Kieran Read was a roaming, attacking No 8 between 2009 and 2015 and then a defensive force and close quarter distributor between 2016 and 2019.
The key for all three lasting as long as they did is that they changed the specifics of their role to suit their changing skill-sets and team needs.
And Barrett is going to have to do the same, but the possibilities with him are almost endless. We have already seen him play three different roles.
In his first World Cup cycle Barrett was essentially the best impact player the world had seen. No one turned games quite like Barrett between 2012 and 2015 and it seemed like the second half of every big test in that period was influenced by him in some way.
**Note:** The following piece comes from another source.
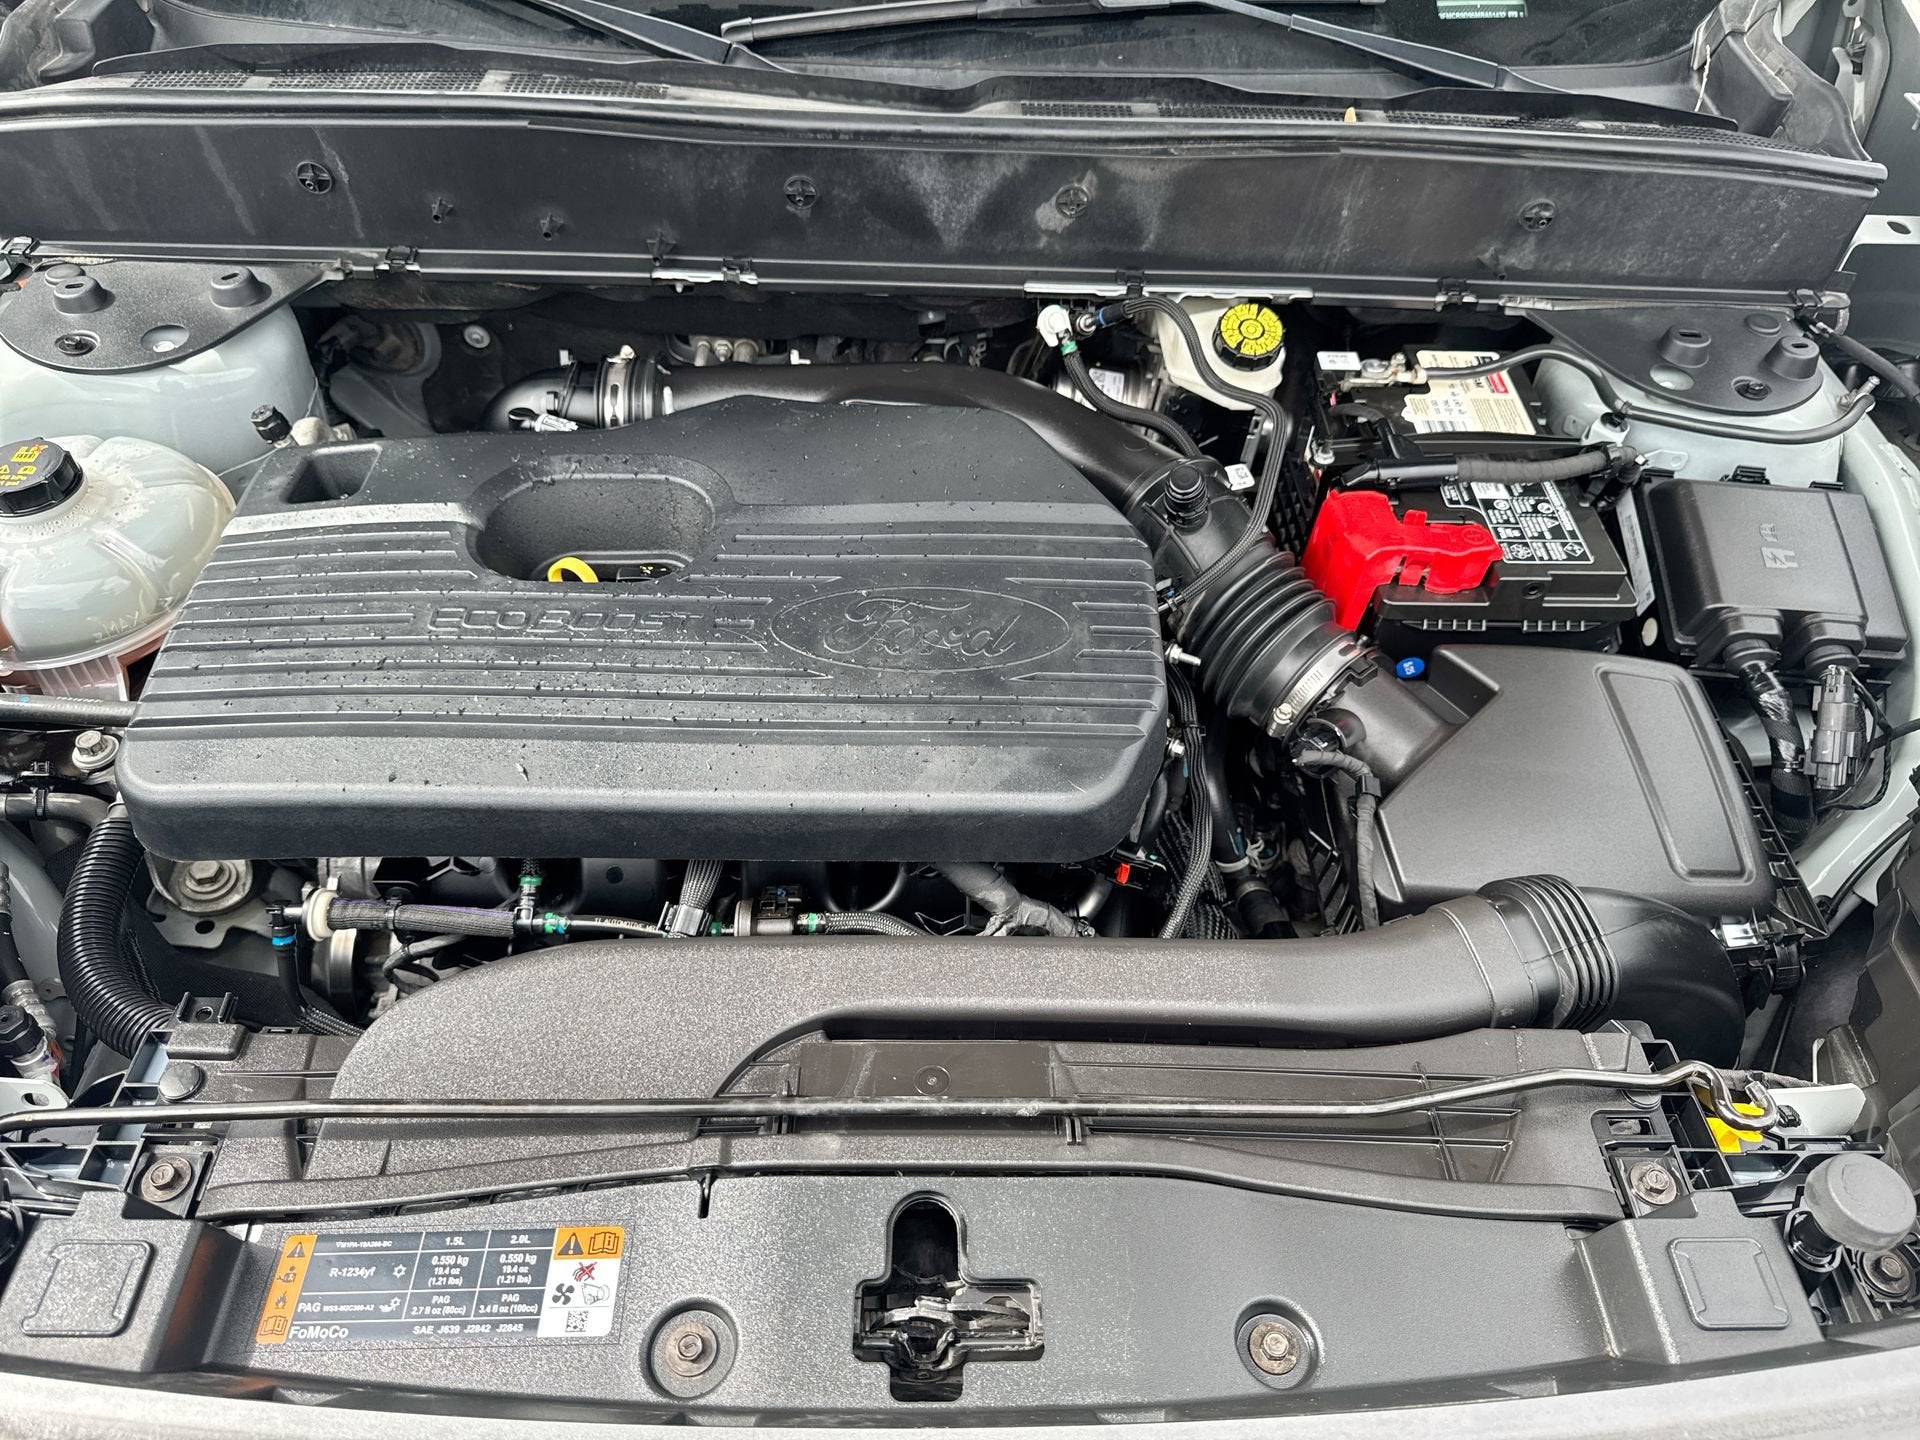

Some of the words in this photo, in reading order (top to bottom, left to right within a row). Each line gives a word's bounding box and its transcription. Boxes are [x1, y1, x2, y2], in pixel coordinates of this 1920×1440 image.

In this World Cup cycle just gone, he morphed into the world's best first-five. He wasn't a classic No 10 by any means, but what he brought was the most potent array of attacking skills and with those he totally redefined the speed and width at which the All Blacks could play.
The All Blacks moulded their game around him – opting to keep the ball in hand more than they ever had.
It was a philosophy they kept even when they decided on the eve of the World Cup to shift Barrett to fullback and operate a dual play-making system with Richie Mo'unga at first-five.
So it could be that Barrett continues throughout this next World Cup cycle as a fullback playing heavily as a first receiver.
He hinted at the World Cup that it wasn't necessarily a role he would have chosen for himself, but whatever reluctance he had to take it on, never manifested in the way he played.
Barrett ended the World Cup campaign as the best fullback in the world. It was a role he executed perfectly even if it remains debatable whether it was the best use of his talents.
At fullback he had more space to attack, more time to make his decisions and more chance to challenge defences where they were vulnerable.
But he also said he struggled at times to back away from being the key decision maker and shot caller. He had to retrain himself to trust Mo'unga to direct the play and chose the attacking options off set-plays.
It's a partnership that could blossom and that may be the role Barrett plays in the next four years – the swash-buckling counter attacker who wears No 15 but plays much of his football as a No 10.
But the new All Blacks coach may have a different view about the dual play-maker plan and Barrett could follow a similar path to Carter and commit exclusively to being a No 10 and build his game around his tactical control and orthodox first-five skills.
Or any other number of possibilities could eventuate but whatever direction his role takes, these next four years are going to be the greatest last act of an already great career.